Work task
All of the records below are to be output exactly; no image belongs in the result.

Stored data entries

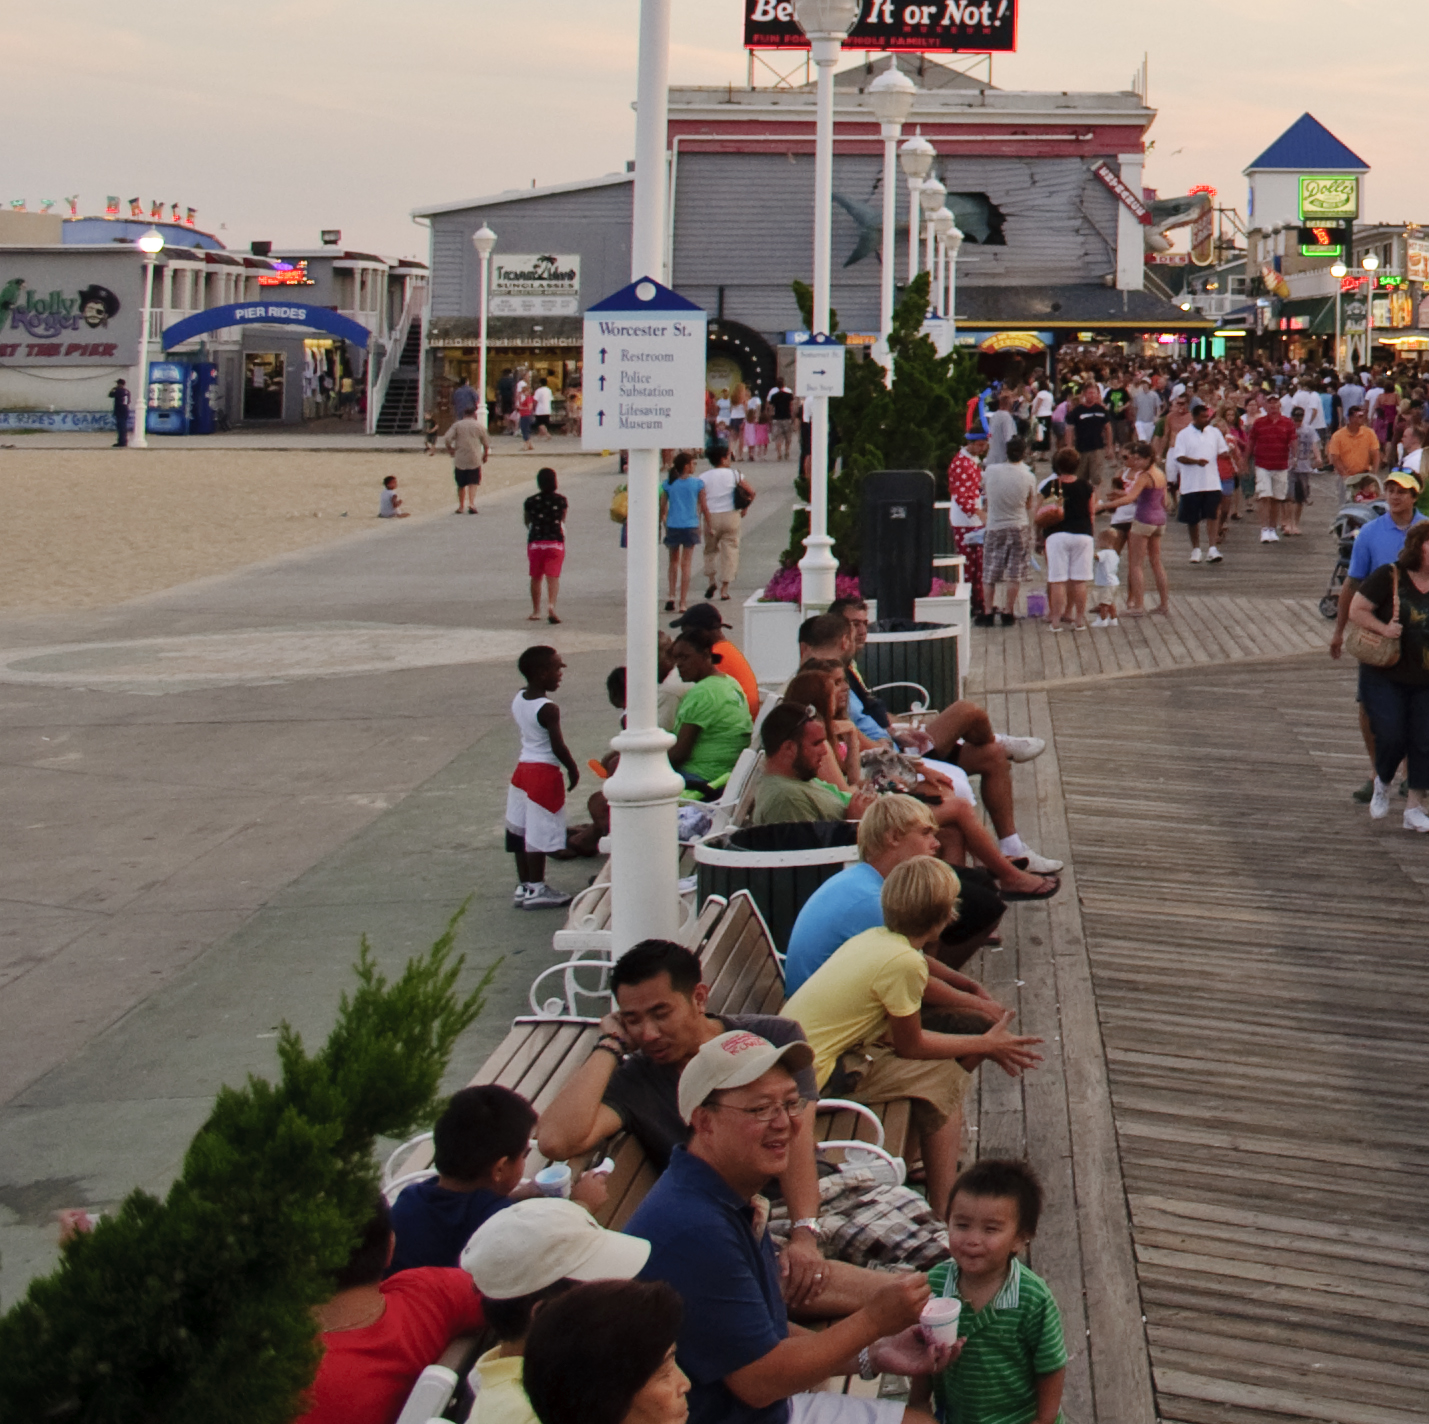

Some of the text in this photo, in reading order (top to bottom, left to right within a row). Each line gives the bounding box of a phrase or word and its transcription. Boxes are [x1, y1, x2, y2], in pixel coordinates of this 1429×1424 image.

[903, 5, 937, 25] or
[752, 34, 780, 43] FUN
[1380, 276, 1401, 285] SALT
[17, 290, 78, 315] Jolly
[235, 307, 306, 320] PIER RIDES
[10, 308, 84, 338] Roger
[599, 322, 692, 337] Worcester St.
[26, 343, 63, 357] THE
[64, 343, 118, 357] PIER
[621, 349, 674, 362] Restroom
[620, 371, 651, 384] Police
[619, 384, 674, 397] Substation
[619, 403, 671, 418] Lifesaving
[619, 418, 663, 429] Museum
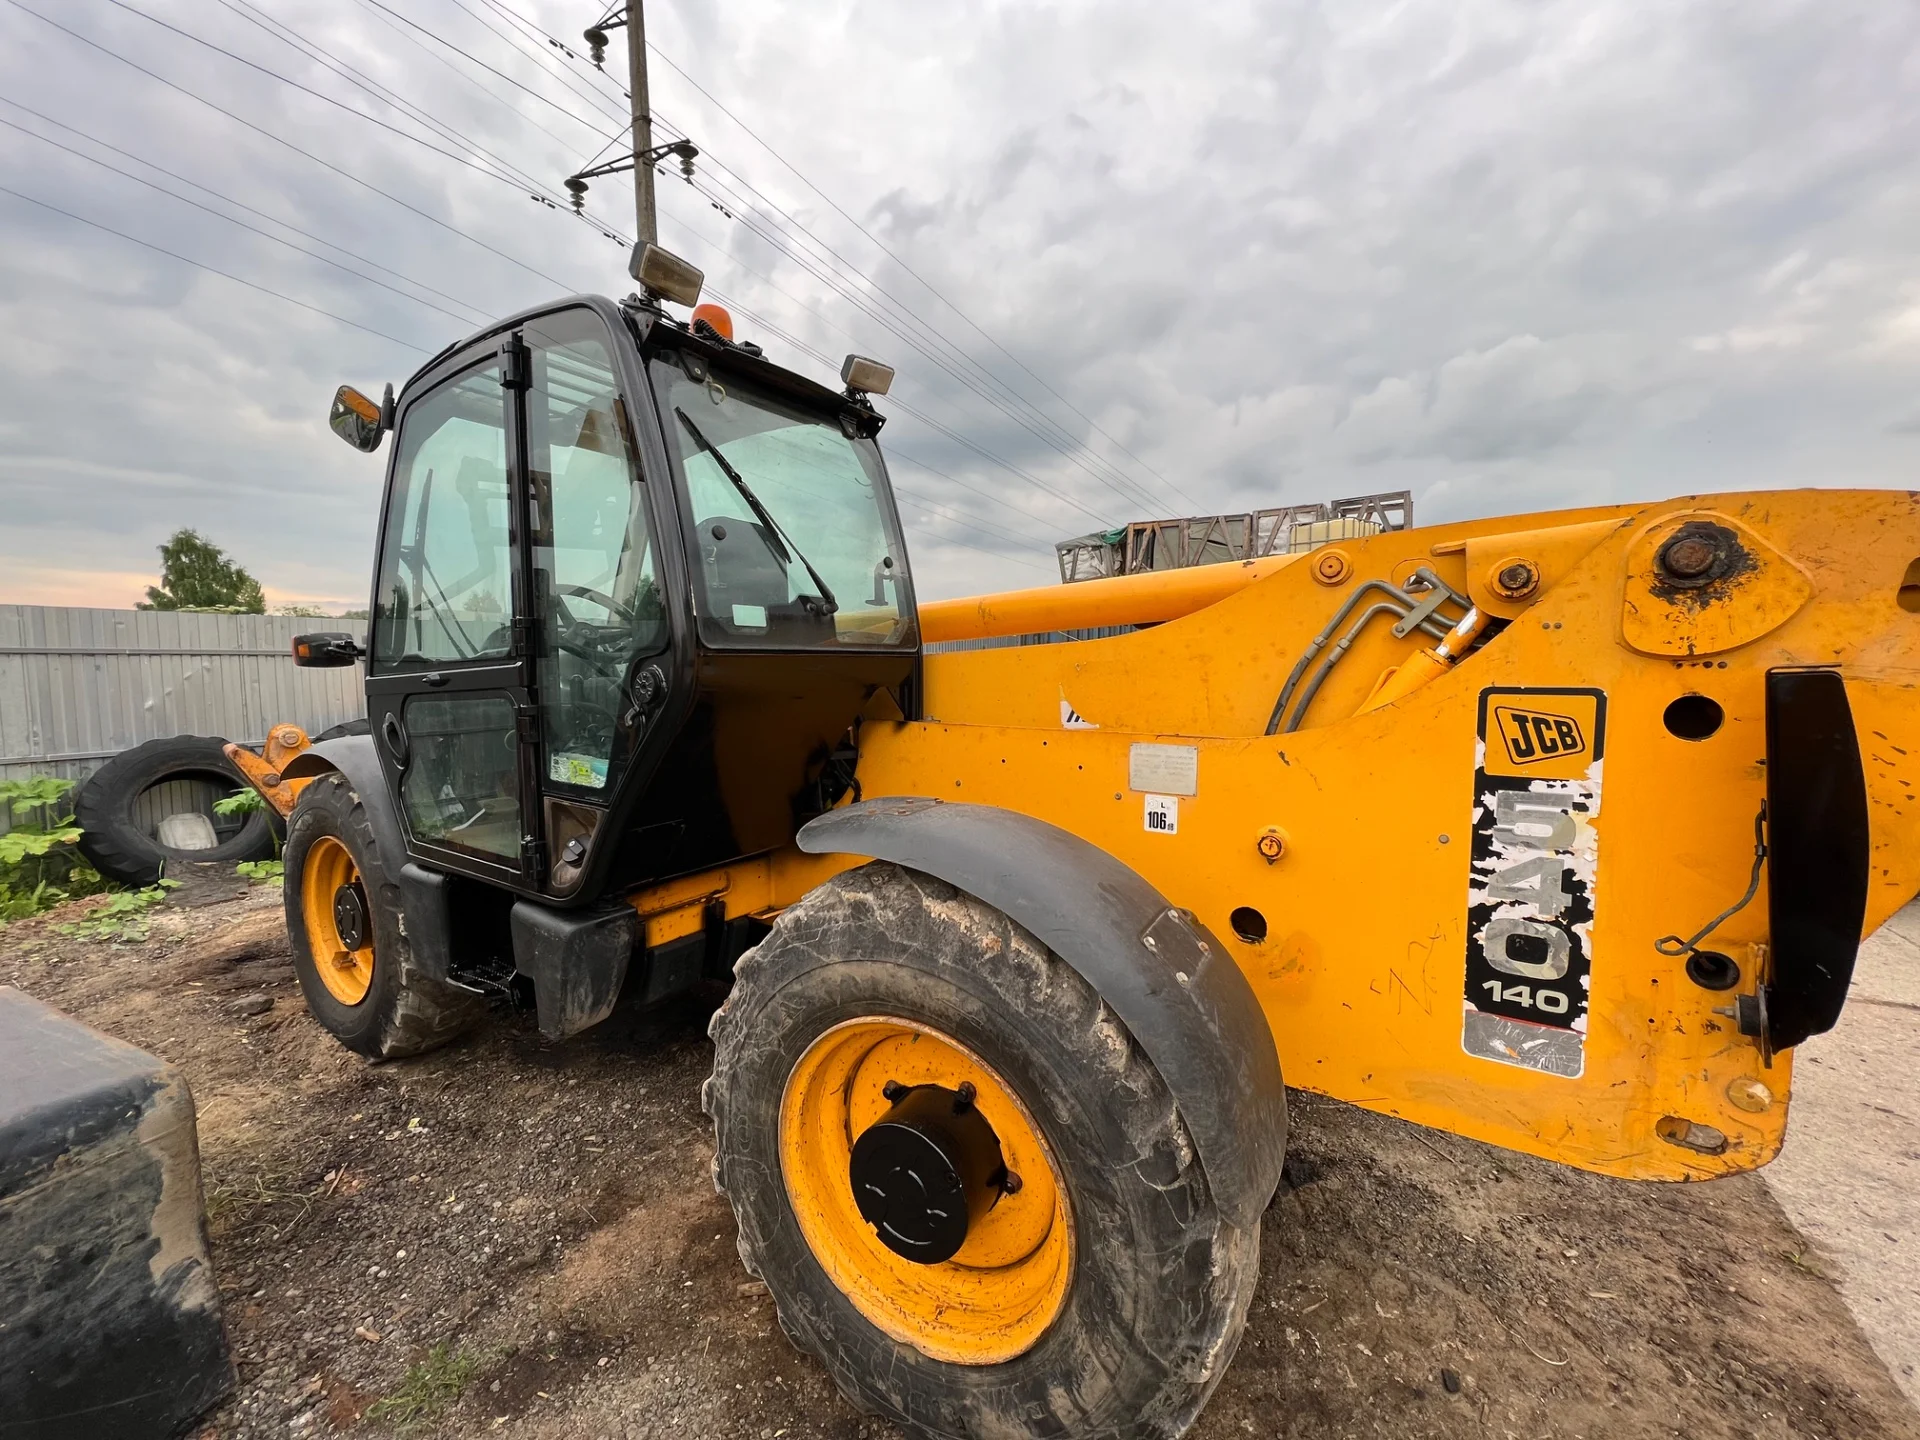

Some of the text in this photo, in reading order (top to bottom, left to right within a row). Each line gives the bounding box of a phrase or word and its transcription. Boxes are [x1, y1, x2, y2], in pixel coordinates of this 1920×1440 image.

[1510, 712, 1581, 759] JCB
[1147, 810, 1167, 830] 106
[1482, 980, 1569, 1014] 140
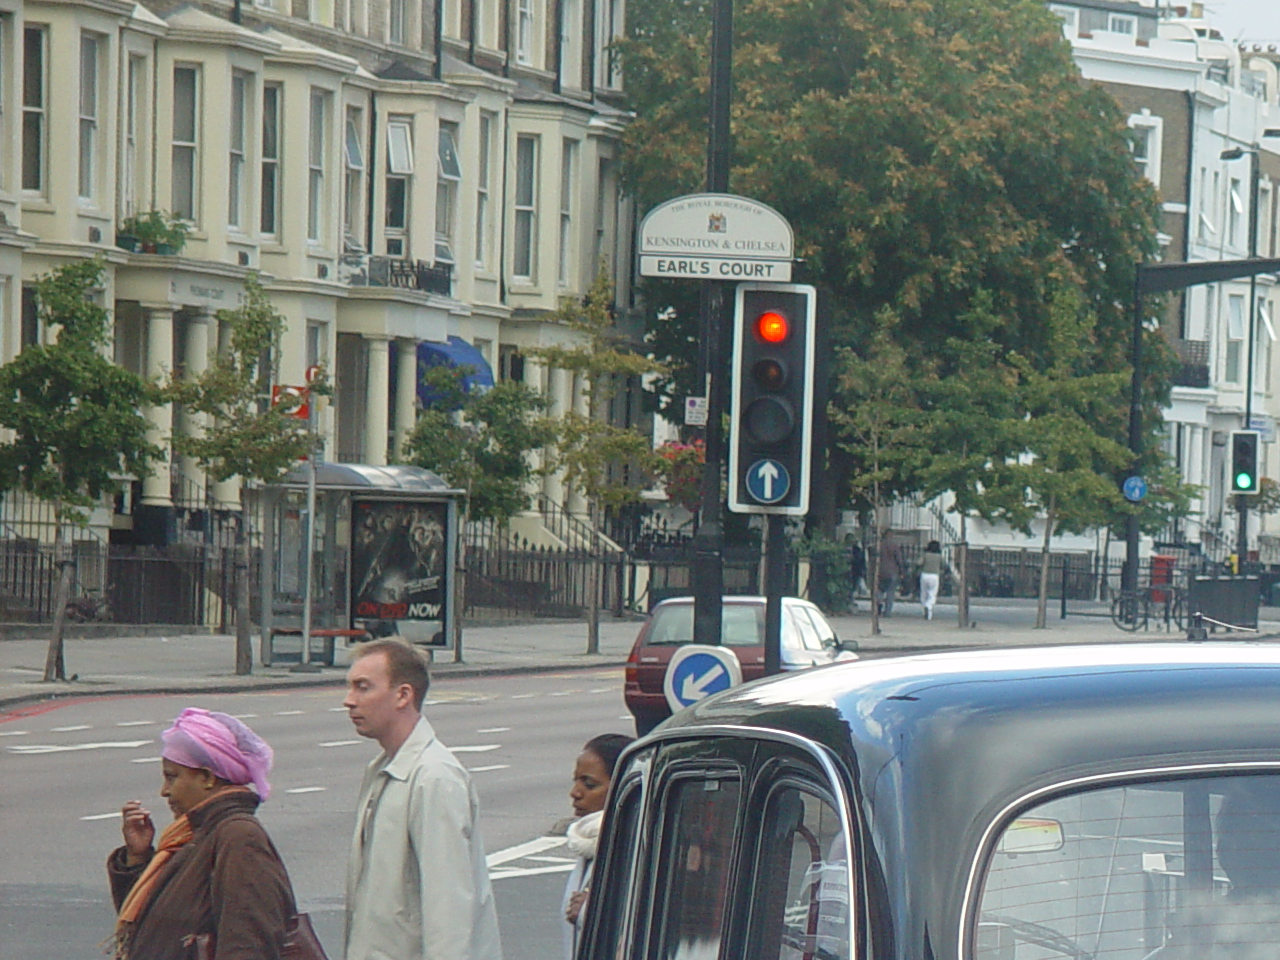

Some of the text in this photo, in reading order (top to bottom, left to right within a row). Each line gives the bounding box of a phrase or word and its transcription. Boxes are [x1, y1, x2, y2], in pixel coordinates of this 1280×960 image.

[671, 204, 685, 213] THE
[687, 200, 712, 209] ROYAL
[714, 200, 751, 212] BOROUGH
[646, 236, 786, 252] KENSINGTON & CHELSEA
[657, 260, 775, 277] EARL'S COURT
[408, 602, 441, 617] NOW

Response to this exercise
Some of the text in this photo, in reading order (top to bottom, left to right within a row). Each line gives the bounding box of a phrase or word and its transcription. Boxes are [x1, y1, x2, y2], in pixel coordinates of this 1429×1424 image.

[903, 5, 937, 25] or
[752, 34, 780, 43] FUN
[1380, 276, 1401, 285] SALT
[17, 290, 78, 315] Jolly
[235, 307, 306, 320] PIER RIDES
[10, 308, 84, 338] Roger
[599, 322, 692, 337] Worcester St.
[26, 343, 63, 357] THE
[64, 343, 118, 357] PIER
[621, 349, 674, 362] Restroom
[620, 371, 651, 384] Police
[619, 384, 674, 397] Substation
[619, 403, 671, 418] Lifesaving
[619, 418, 663, 429] Museum

Some of the text in this photo, in reading order (top to bottom, left to right within a row). Each line gives the bounding box of a phrase or word and its transcription. Boxes are [x1, y1, x2, y2], in pixel coordinates of this 1920×1440 image.

[1510, 712, 1581, 759] JCB
[1147, 810, 1167, 830] 106
[1482, 980, 1569, 1014] 140

Some of the text in this photo, in reading order (top to bottom, left to right within a row). Each line gives the bounding box of a phrase or word and its transcription. Boxes are [x1, y1, x2, y2], in pixel coordinates of this 1280×960 image.

[671, 204, 685, 213] THE
[687, 200, 712, 209] ROYAL
[714, 200, 751, 212] BOROUGH
[646, 236, 786, 252] KENSINGTON & CHELSEA
[657, 260, 775, 277] EARL'S COURT
[408, 602, 441, 617] NOW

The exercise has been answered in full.